I don’t know why I was so angry with myself that day. But I am grateful, so grateful, that my daughter is in a class with a bunch of ragamuffins, the children of parents who are just as scatty as me as they race out the door every morning.

Tuesday, November 12, 2013

My wolf, my warning bell

When I was a child, we lived in a house with a big backyard. At the end of the yard stood an old metal slide; the slide ended in a sandpit. To one side was a liquidambar; I could only climb into the first branch. To the other, a small jacaranda; I could climb a few branches higher.

But I was afraid. Sent out to play, I would run from the back door to the slide, scramble up the steps, then sit at the top and watch carefully. I was terrified of the wolf.

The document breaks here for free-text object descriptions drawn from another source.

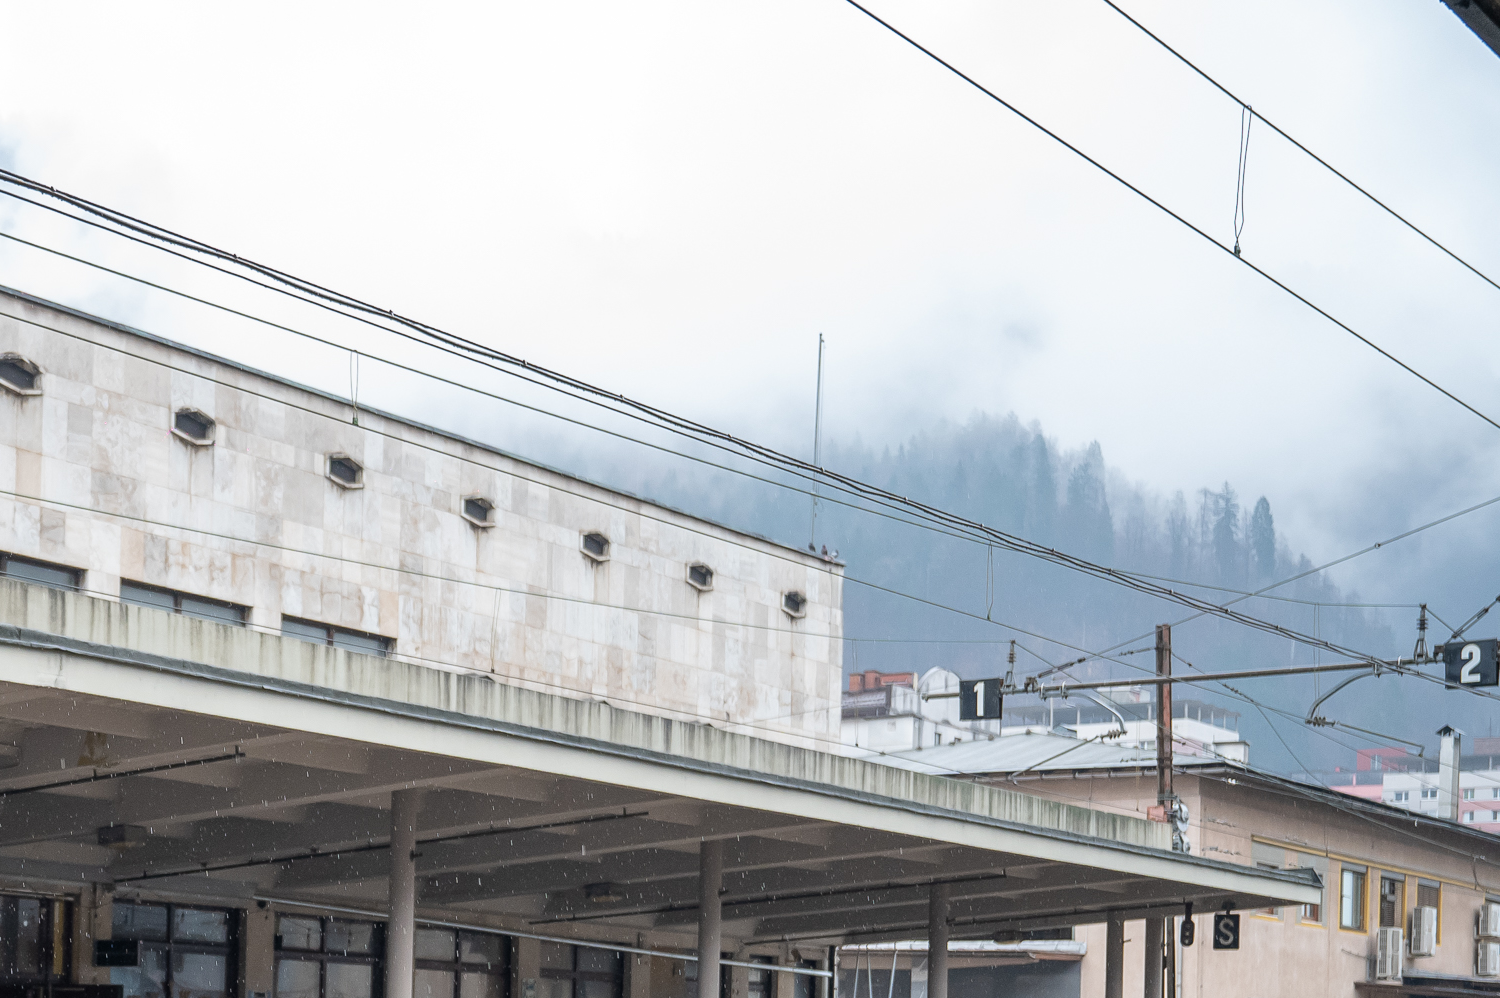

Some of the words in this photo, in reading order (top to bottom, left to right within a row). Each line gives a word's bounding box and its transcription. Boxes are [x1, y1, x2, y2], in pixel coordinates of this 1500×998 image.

[1460, 643, 1481, 684] 2
[973, 681, 985, 717] 1
[1219, 918, 1235, 946] S
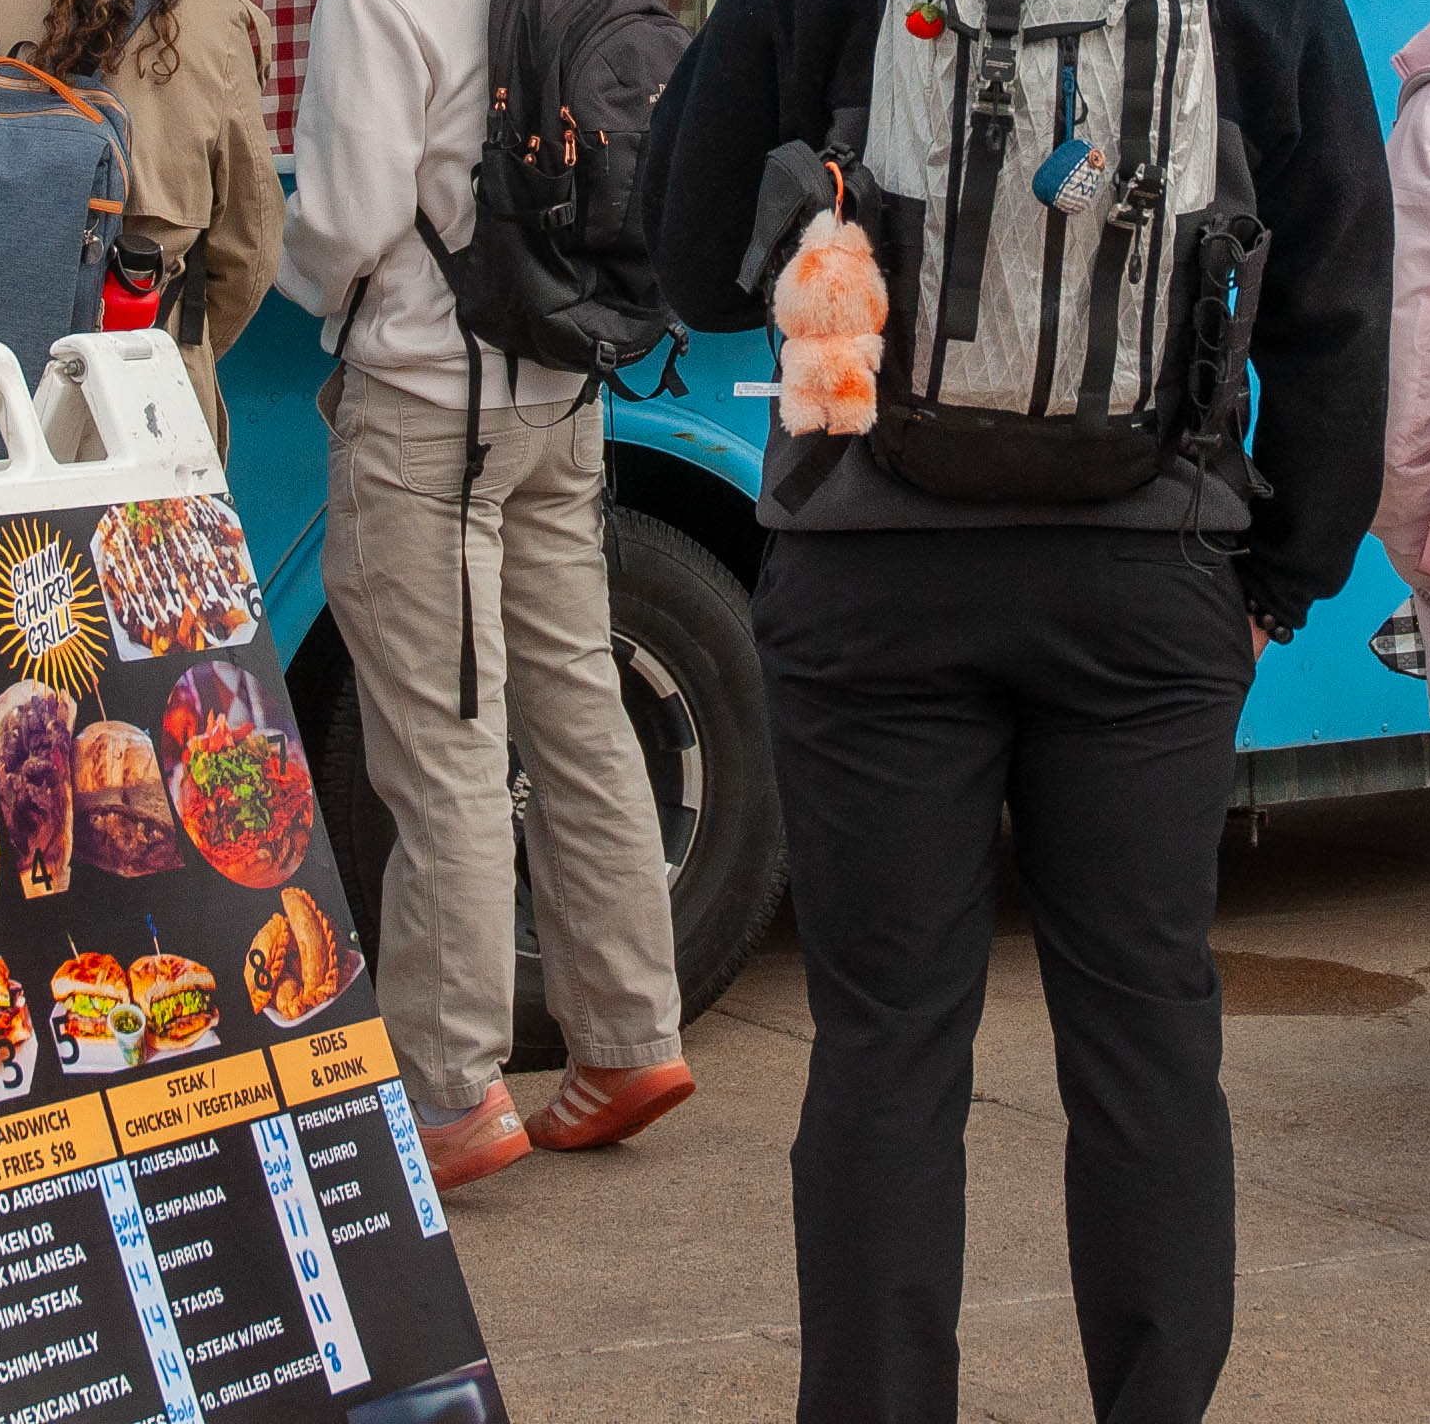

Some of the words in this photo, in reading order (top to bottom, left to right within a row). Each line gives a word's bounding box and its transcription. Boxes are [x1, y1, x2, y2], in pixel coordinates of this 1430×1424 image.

[11, 542, 62, 594] CHIMI
[13, 570, 73, 628] CHURRI
[247, 582, 264, 623] 6
[27, 613, 79, 658] GRILL
[267, 734, 286, 776] 7
[30, 848, 53, 891] 4
[248, 948, 271, 992] 8
[52, 1015, 80, 1066] 5
[309, 1031, 348, 1057] SIDES
[166, 1069, 209, 1098] STEAK
[311, 1069, 324, 1088] &
[324, 1056, 368, 1083] DRINK
[125, 1107, 183, 1138] CHICKEN
[193, 1082, 274, 1119] VEGETARIAN
[297, 1103, 345, 1132] FRENCH
[345, 1094, 379, 1117] FRIES
[258, 1118, 290, 1153] 14
[2, 1150, 45, 1180] FRIES
[50, 1140, 77, 1167] $18
[129, 1137, 221, 1179] 7.QUESADILLA
[309, 1140, 358, 1169] CHURRO
[12, 1168, 98, 1211] ARGENTINO
[103, 1162, 126, 1199] 14
[320, 1180, 362, 1207] WATER
[144, 1185, 227, 1225] 8.EMPANADA
[283, 1198, 309, 1238] 11
[31, 1221, 56, 1245] OR
[331, 1221, 366, 1245] SODA
[364, 1212, 392, 1233] CAN
[8, 1243, 88, 1285] MILANESA
[157, 1239, 214, 1272] BURRITO
[296, 1248, 320, 1283] 10
[128, 1261, 153, 1293] 14
[142, 1303, 168, 1337] 14
[171, 1301, 182, 1318] 3
[181, 1286, 225, 1316] TACOS
[309, 1292, 333, 1324] 11
[185, 1332, 239, 1366] 9.STEAK
[238, 1316, 285, 1347] W/RICE
[323, 1341, 342, 1373] 8
[158, 1349, 183, 1386] 14
[200, 1391, 221, 1412] 10.
[220, 1372, 272, 1404] GRILLED
[273, 1353, 323, 1385] CHEESE
[80, 1373, 134, 1408] TORTA
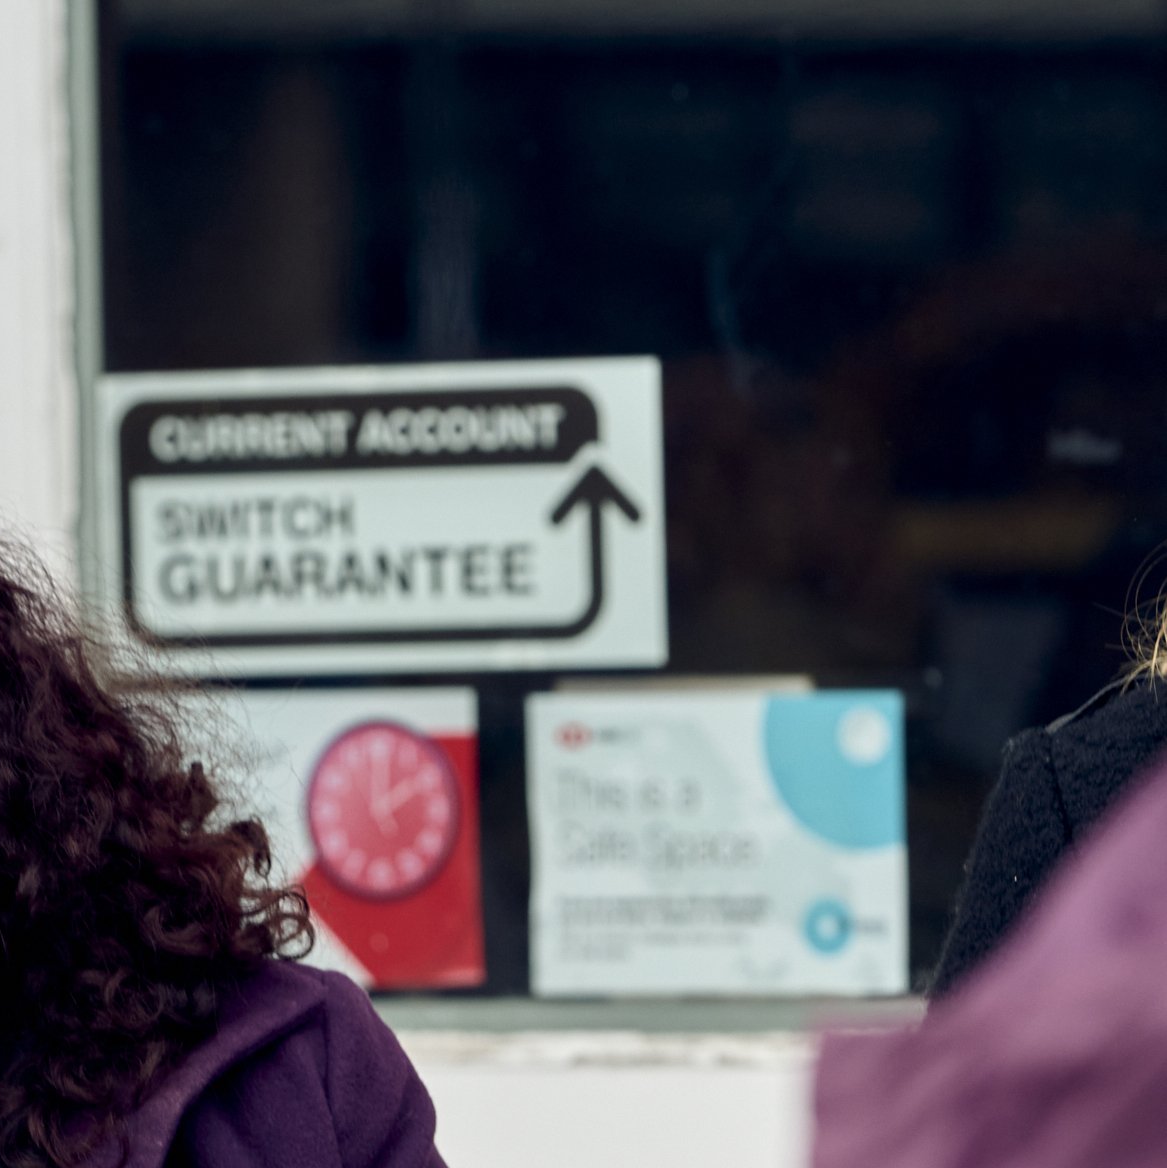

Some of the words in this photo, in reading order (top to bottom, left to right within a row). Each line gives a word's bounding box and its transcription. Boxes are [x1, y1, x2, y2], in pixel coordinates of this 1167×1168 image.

[149, 412, 354, 462] CURRENT
[357, 404, 566, 455] ACCOUNT
[157, 495, 355, 542] SWITCH
[158, 543, 536, 604] GUARANTEE

I could picture its mangy fur, its sinuous muscles, its powerful jaw. It moved like wreathing mist, slinking around the corner of the house. I knew what it looked like, I knew it was coming for me, and I was terrified. So there I sat, waiting, scanning the garden, mouth dry with fear.

I lived in Australia. There are no wolves in Australia. I knew this, but the fear was not rational.

I would tell myself there is no wolf, there is no wolf, even as I watched. Finally, the tension would become unbearable. I’d gather my few shreds of courage, then shoot down the slide, sprint back to the house, slamming the door behind me in what I knew was the wolf’s gaping maw, ready to rip me to pieces. Another near miss.

More than thirty years later, there are still times when I see the wolf run past my peripheral vision. When I see it, I realise that I am feeling threatened, and that I need to stop, take a breath, and reflect on what is going on.

Who would have thought that a middle European mythic symbol could so thoroughly enter the psyche of a little Australian girl, who grew up under wide blue skies and white bright sun? Who would have known that it would continue to intimate danger to that girl thirty years later? And who would have guessed that, in its very threat, the girl now receives it as a gift, and takes it as an invitation to reflection?